[TASK DESCRIPTION] Retype all entries exactly, skipping pictures.

Image-backed grounding data:
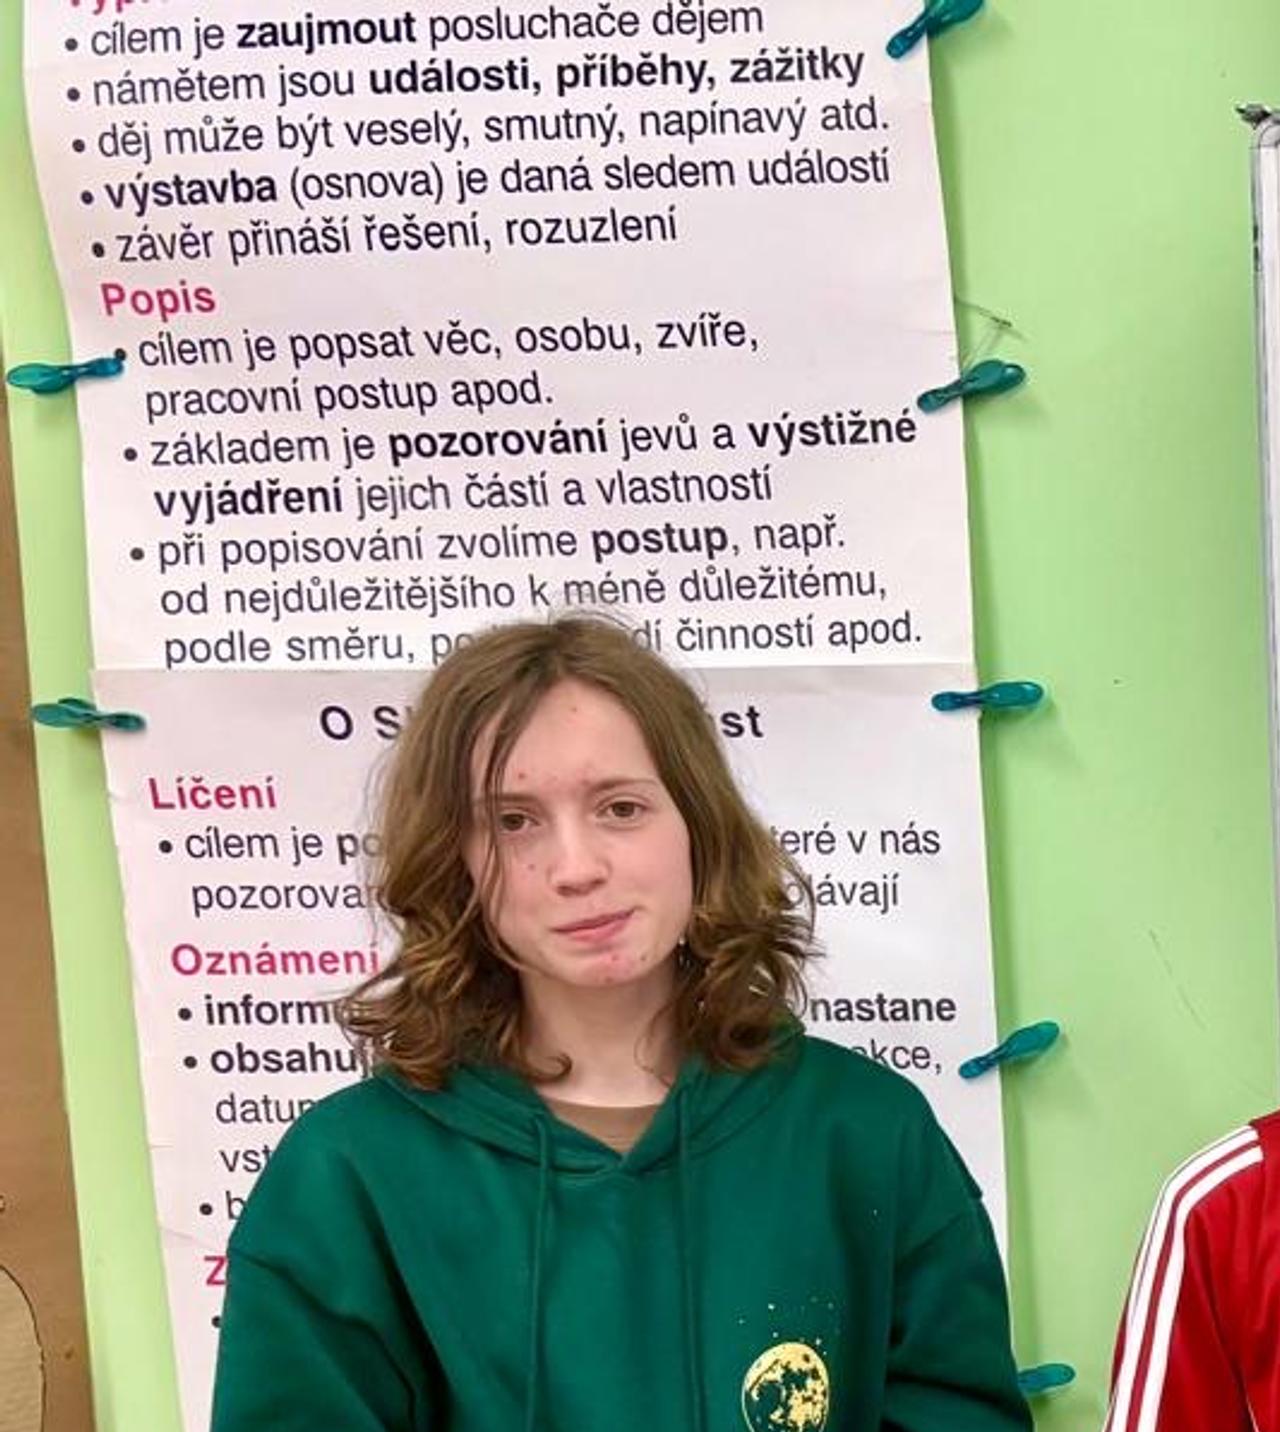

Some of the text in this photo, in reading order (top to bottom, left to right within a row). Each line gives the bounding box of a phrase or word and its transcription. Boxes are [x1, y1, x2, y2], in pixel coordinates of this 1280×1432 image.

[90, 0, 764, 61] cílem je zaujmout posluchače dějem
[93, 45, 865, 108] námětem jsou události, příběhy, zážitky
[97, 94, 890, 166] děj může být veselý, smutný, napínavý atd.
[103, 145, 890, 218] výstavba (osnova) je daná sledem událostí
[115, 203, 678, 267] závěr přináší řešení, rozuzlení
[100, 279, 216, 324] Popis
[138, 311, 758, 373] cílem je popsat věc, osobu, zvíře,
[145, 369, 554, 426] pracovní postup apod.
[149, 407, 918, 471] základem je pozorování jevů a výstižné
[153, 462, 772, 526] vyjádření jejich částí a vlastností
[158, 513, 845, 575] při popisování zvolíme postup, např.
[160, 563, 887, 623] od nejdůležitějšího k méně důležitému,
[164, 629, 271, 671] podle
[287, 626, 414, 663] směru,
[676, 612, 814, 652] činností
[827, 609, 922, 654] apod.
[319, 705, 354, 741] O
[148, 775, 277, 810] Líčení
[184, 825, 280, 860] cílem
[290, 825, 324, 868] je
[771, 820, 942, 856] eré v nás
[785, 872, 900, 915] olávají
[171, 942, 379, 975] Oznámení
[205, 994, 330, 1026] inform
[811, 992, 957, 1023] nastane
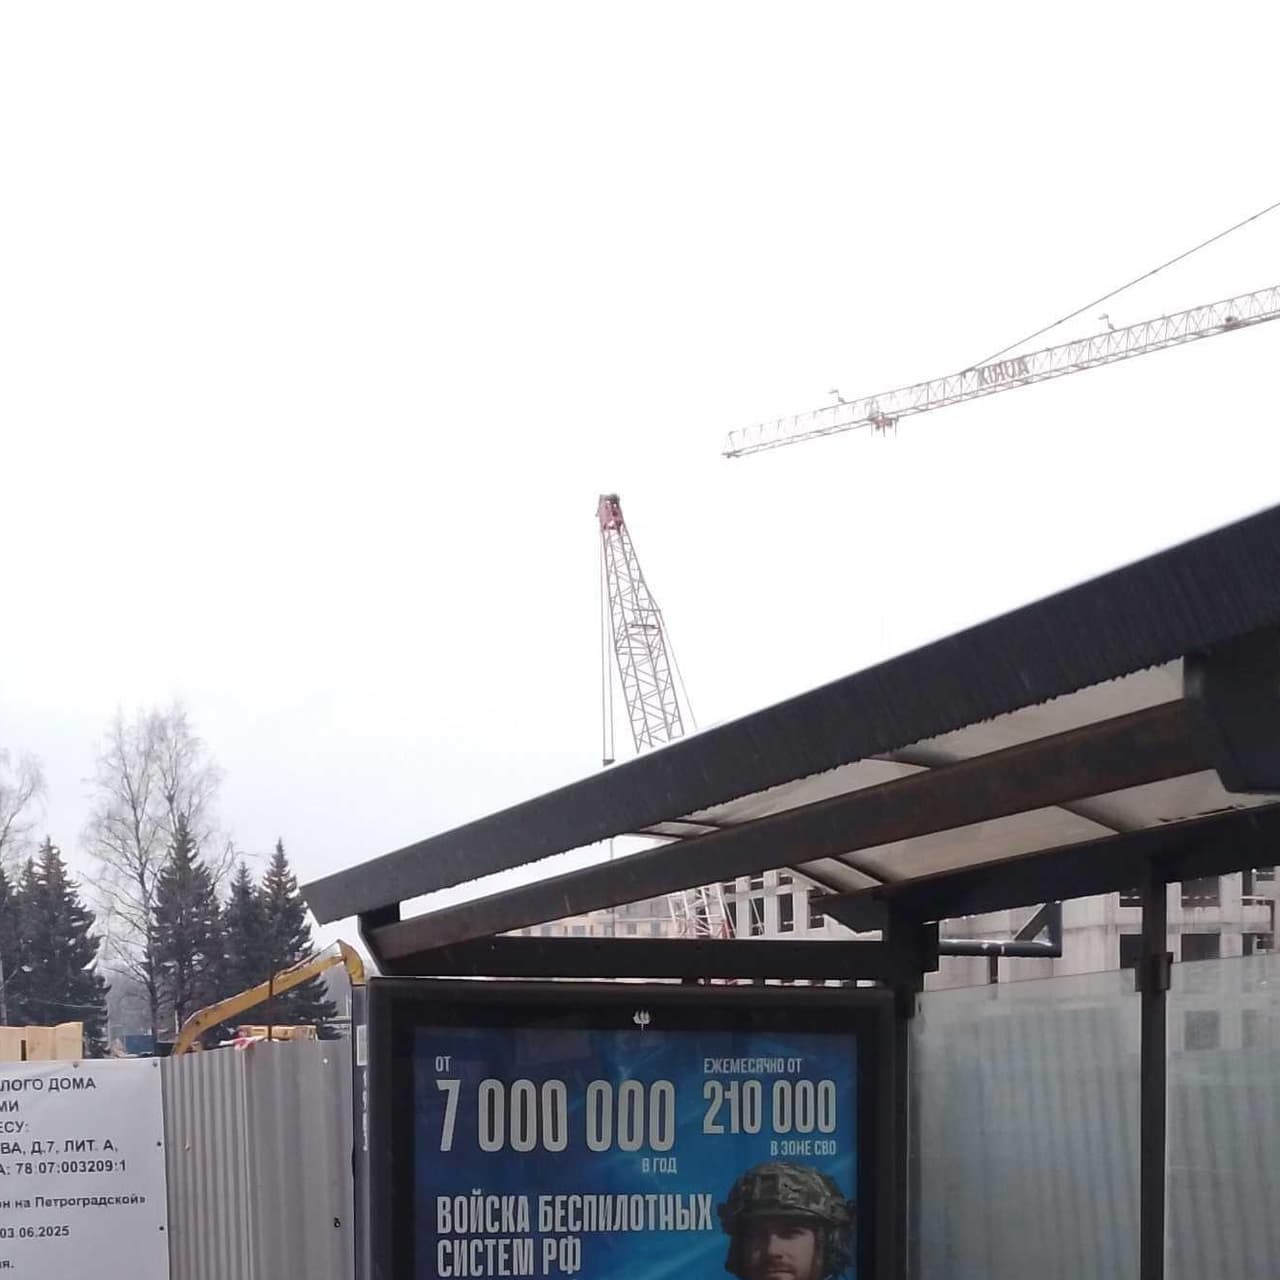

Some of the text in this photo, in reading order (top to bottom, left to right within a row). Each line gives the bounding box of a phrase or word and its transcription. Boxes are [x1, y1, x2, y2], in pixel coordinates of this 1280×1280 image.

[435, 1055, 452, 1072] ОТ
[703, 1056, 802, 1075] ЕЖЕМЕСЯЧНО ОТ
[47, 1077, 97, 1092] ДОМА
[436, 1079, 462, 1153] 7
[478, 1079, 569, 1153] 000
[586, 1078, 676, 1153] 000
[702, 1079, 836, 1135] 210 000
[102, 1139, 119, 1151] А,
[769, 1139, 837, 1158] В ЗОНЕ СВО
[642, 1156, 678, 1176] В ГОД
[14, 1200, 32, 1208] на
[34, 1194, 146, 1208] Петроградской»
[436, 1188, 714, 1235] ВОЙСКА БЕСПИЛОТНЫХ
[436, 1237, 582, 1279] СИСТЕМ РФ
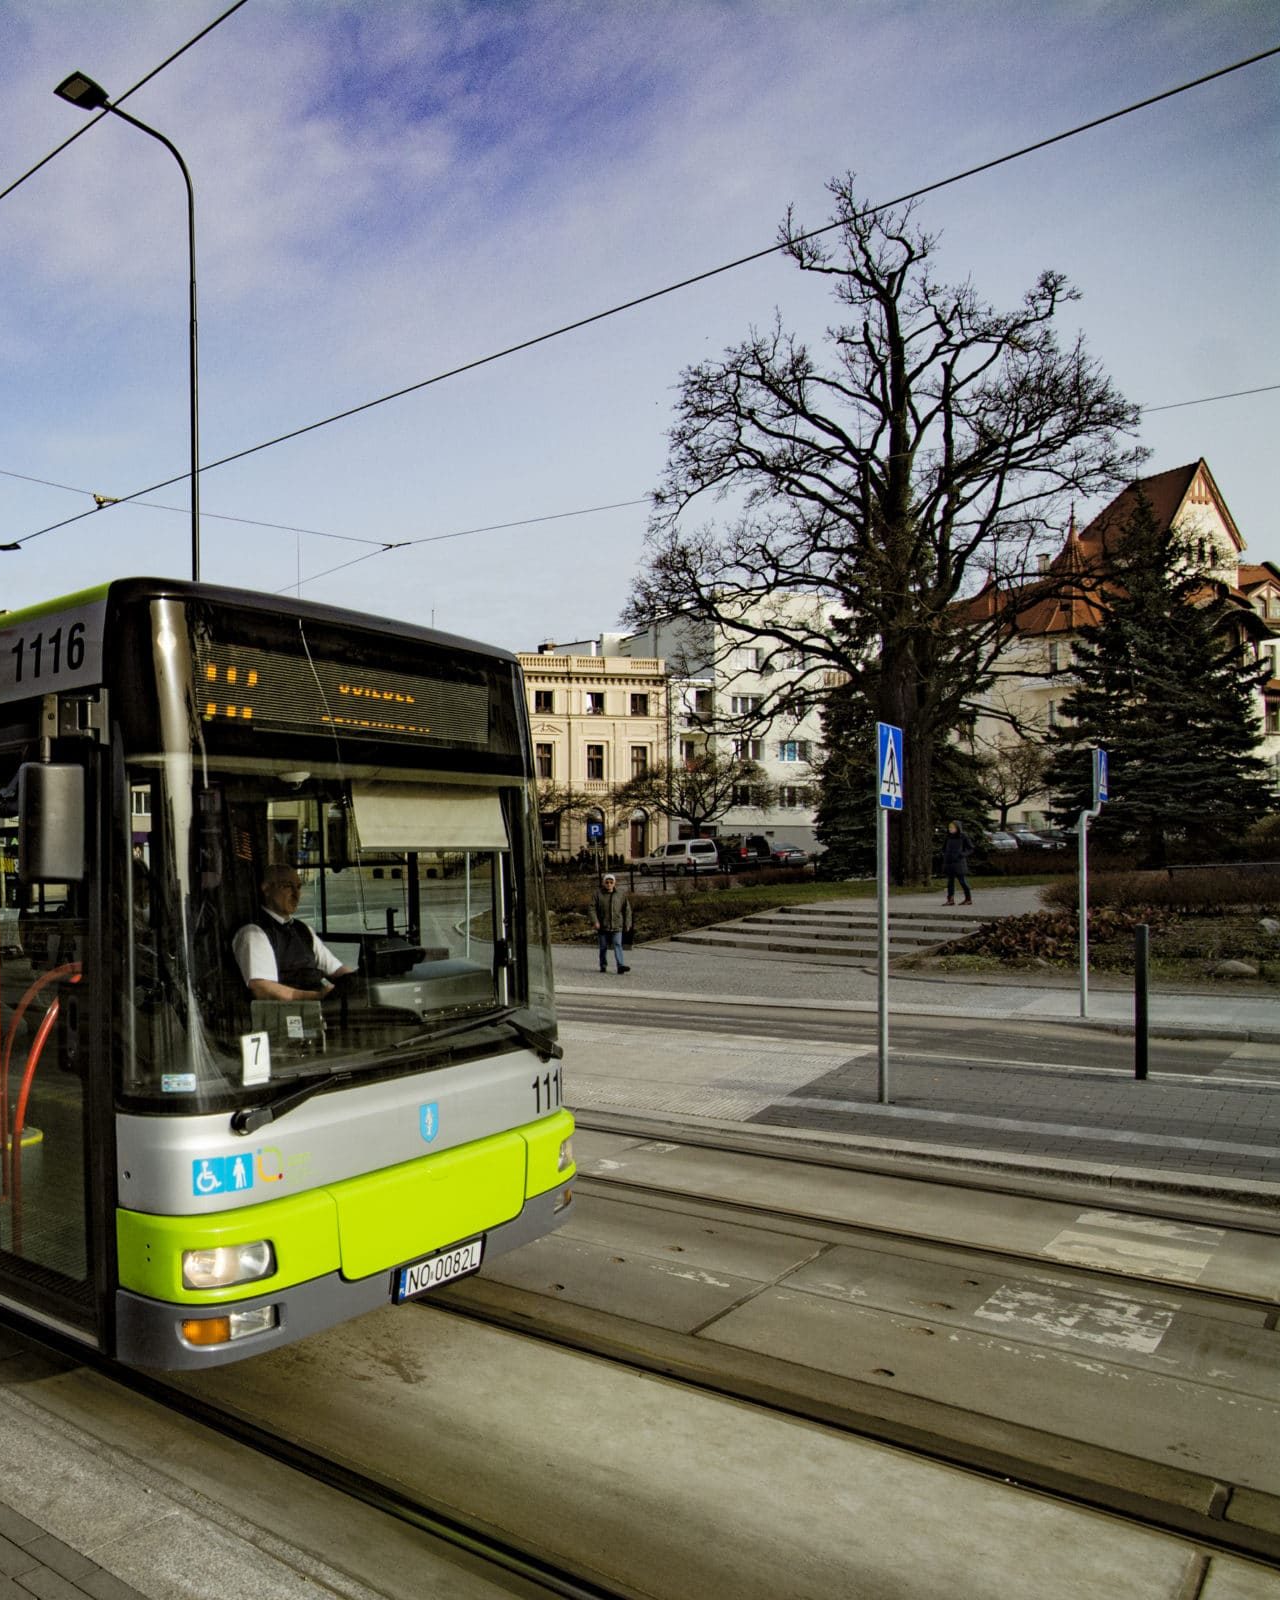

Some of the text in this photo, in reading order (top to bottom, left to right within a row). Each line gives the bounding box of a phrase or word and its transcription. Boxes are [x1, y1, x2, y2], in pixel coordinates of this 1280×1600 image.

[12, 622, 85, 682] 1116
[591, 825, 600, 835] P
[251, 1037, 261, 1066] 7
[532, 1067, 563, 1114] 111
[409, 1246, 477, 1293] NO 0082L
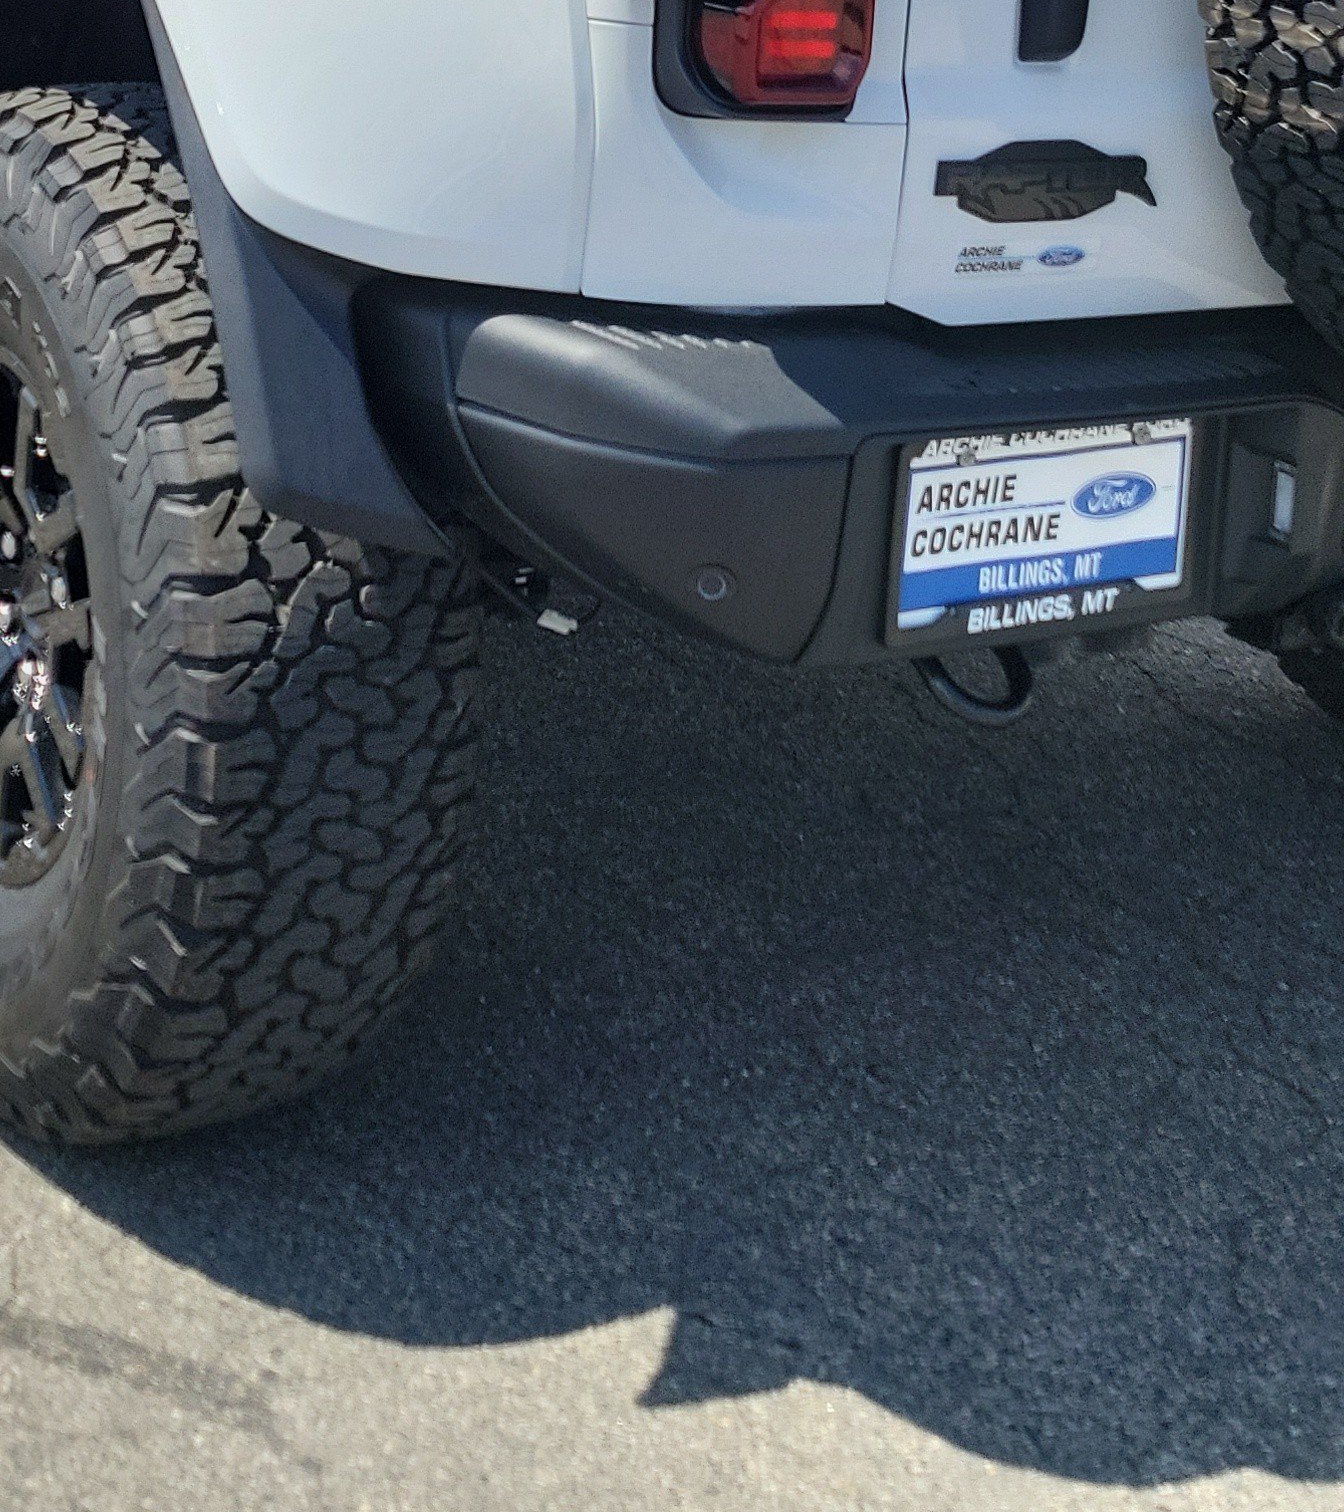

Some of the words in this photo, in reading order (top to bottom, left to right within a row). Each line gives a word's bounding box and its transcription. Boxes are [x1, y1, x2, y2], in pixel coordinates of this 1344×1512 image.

[RESULT FOR THIS EXERCISE]
Some of the text in this photo, in reading order (top to bottom, left to right within a row). Each line gives the bounding box of a phrase or word and its transcription. Boxes are [x1, y1, x2, y2], in pixel coordinates of this 1280×1432 image.

[90, 0, 764, 61] cílem je zaujmout posluchače dějem
[93, 45, 865, 108] námětem jsou události, příběhy, zážitky
[97, 94, 890, 166] děj může být veselý, smutný, napínavý atd.
[103, 145, 890, 218] výstavba (osnova) je daná sledem událostí
[115, 203, 678, 267] závěr přináší řešení, rozuzlení
[100, 279, 216, 324] Popis
[138, 311, 758, 373] cílem je popsat věc, osobu, zvíře,
[145, 369, 554, 426] pracovní postup apod.
[149, 407, 918, 471] základem je pozorování jevů a výstižné
[153, 462, 772, 526] vyjádření jejich částí a vlastností
[158, 513, 845, 575] při popisování zvolíme postup, např.
[160, 563, 887, 623] od nejdůležitějšího k méně důležitému,
[164, 629, 271, 671] podle
[287, 626, 414, 663] směru,
[676, 612, 814, 652] činností
[827, 609, 922, 654] apod.
[319, 705, 354, 741] O
[148, 775, 277, 810] Líčení
[184, 825, 280, 860] cílem
[290, 825, 324, 868] je
[771, 820, 942, 856] eré v nás
[785, 872, 900, 915] olávají
[171, 942, 379, 975] Oznámení
[205, 994, 330, 1026] inform
[811, 992, 957, 1023] nastane

Some of the text in this photo, in reading order (top to bottom, left to right within a row). Each line gives the bounding box of a phrase or word and its transcription. Boxes are [x1, y1, x2, y2], in pixel coordinates of this 1280×1280 image.

[435, 1055, 452, 1072] ОТ
[703, 1056, 802, 1075] ЕЖЕМЕСЯЧНО ОТ
[47, 1077, 97, 1092] ДОМА
[436, 1079, 462, 1153] 7
[478, 1079, 569, 1153] 000
[586, 1078, 676, 1153] 000
[702, 1079, 836, 1135] 210 000
[102, 1139, 119, 1151] А,
[769, 1139, 837, 1158] В ЗОНЕ СВО
[642, 1156, 678, 1176] В ГОД
[14, 1200, 32, 1208] на
[34, 1194, 146, 1208] Петроградской»
[436, 1188, 714, 1235] ВОЙСКА БЕСПИЛОТНЫХ
[436, 1237, 582, 1279] СИСТЕМ РФ

Some of the text in this photo, in reading order (top to bottom, left to right within a row). Each line gives the bounding box of a phrase or word and its transcription. Boxes are [x1, y1, x2, y2], in pixel coordinates of this 1280×1600 image.

[12, 622, 85, 682] 1116
[591, 825, 600, 835] P
[251, 1037, 261, 1066] 7
[532, 1067, 563, 1114] 111
[409, 1246, 477, 1293] NO 0082L

Some of the words in this photo, in reading order (top to bottom, left to right within a row). Each line gives a word's bounding box and its transcription. Boxes are [x1, y1, x2, y2], in pixel coordinates of this 1344×1512 image.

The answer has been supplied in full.